═══ DATA SUPPLIED
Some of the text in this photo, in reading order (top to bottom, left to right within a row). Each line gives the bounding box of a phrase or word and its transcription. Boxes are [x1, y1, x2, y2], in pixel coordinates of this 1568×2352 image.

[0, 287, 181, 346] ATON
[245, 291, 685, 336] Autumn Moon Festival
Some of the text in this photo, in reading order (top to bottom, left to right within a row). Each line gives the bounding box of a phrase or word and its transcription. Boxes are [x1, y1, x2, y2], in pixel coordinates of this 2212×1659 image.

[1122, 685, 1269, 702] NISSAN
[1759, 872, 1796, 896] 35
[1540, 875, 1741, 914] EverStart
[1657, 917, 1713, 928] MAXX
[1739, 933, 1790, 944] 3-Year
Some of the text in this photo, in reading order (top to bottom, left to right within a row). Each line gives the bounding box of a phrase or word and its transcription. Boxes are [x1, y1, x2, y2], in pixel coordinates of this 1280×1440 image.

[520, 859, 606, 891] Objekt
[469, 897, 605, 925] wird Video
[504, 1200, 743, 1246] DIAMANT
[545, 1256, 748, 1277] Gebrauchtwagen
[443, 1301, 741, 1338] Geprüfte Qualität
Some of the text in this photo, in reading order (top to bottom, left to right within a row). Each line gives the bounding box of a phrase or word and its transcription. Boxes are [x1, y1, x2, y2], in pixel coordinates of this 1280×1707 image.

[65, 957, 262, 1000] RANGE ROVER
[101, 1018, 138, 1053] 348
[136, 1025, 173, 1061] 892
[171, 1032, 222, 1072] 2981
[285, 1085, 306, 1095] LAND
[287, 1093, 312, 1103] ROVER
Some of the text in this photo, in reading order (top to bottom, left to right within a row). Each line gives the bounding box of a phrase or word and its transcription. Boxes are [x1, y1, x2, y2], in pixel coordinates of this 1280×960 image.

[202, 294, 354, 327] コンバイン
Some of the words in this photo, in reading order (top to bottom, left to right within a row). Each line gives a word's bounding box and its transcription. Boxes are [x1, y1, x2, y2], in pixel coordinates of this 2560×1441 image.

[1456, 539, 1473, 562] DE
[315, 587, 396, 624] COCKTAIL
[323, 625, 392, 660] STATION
══════
* [EXERCISE AIM] The records above should be repeated exactly. Print them all.

* [OUTPUT FOR THIS EXERCISE]
Some of the text in this photo, in reading order (top to bottom, left to right within a row). Each line gives the bounding box of a phrase or word and its transcription. Boxes are [x1, y1, x2, y2], in pixel coordinates of this 1568×2352 image.

[0, 287, 181, 346] ATON
[245, 291, 685, 336] Autumn Moon Festival
Some of the text in this photo, in reading order (top to bottom, left to right within a row). Each line gives the bounding box of a phrase or word and its transcription. Boxes are [x1, y1, x2, y2], in pixel coordinates of this 2212×1659 image.

[1122, 685, 1269, 702] NISSAN
[1759, 872, 1796, 896] 35
[1540, 875, 1741, 914] EverStart
[1657, 917, 1713, 928] MAXX
[1739, 933, 1790, 944] 3-Year
Some of the text in this photo, in reading order (top to bottom, left to right within a row). Each line gives the bounding box of a phrase or word and its transcription. Boxes are [x1, y1, x2, y2], in pixel coordinates of this 1280×1440 image.

[520, 859, 606, 891] Objekt
[469, 897, 605, 925] wird Video
[504, 1200, 743, 1246] DIAMANT
[545, 1256, 748, 1277] Gebrauchtwagen
[443, 1301, 741, 1338] Geprüfte Qualität
Some of the text in this photo, in reading order (top to bottom, left to right within a row). Each line gives the bounding box of a phrase or word and its transcription. Boxes are [x1, y1, x2, y2], in pixel coordinates of this 1280×1707 image.

[65, 957, 262, 1000] RANGE ROVER
[101, 1018, 138, 1053] 348
[136, 1025, 173, 1061] 892
[171, 1032, 222, 1072] 2981
[285, 1085, 306, 1095] LAND
[287, 1093, 312, 1103] ROVER
Some of the text in this photo, in reading order (top to bottom, left to right within a row). Each line gives the bounding box of a phrase or word and its transcription. Boxes are [x1, y1, x2, y2], in pixel coordinates of this 1280×960 image.

[202, 294, 354, 327] コンバイン
Some of the words in this photo, in reading order (top to bottom, left to right within a row). Each line gives a word's bounding box and its transcription. Boxes are [x1, y1, x2, y2], in pixel coordinates of this 2560×1441 image.

[1456, 539, 1473, 562] DE
[315, 587, 396, 624] COCKTAIL
[323, 625, 392, 660] STATION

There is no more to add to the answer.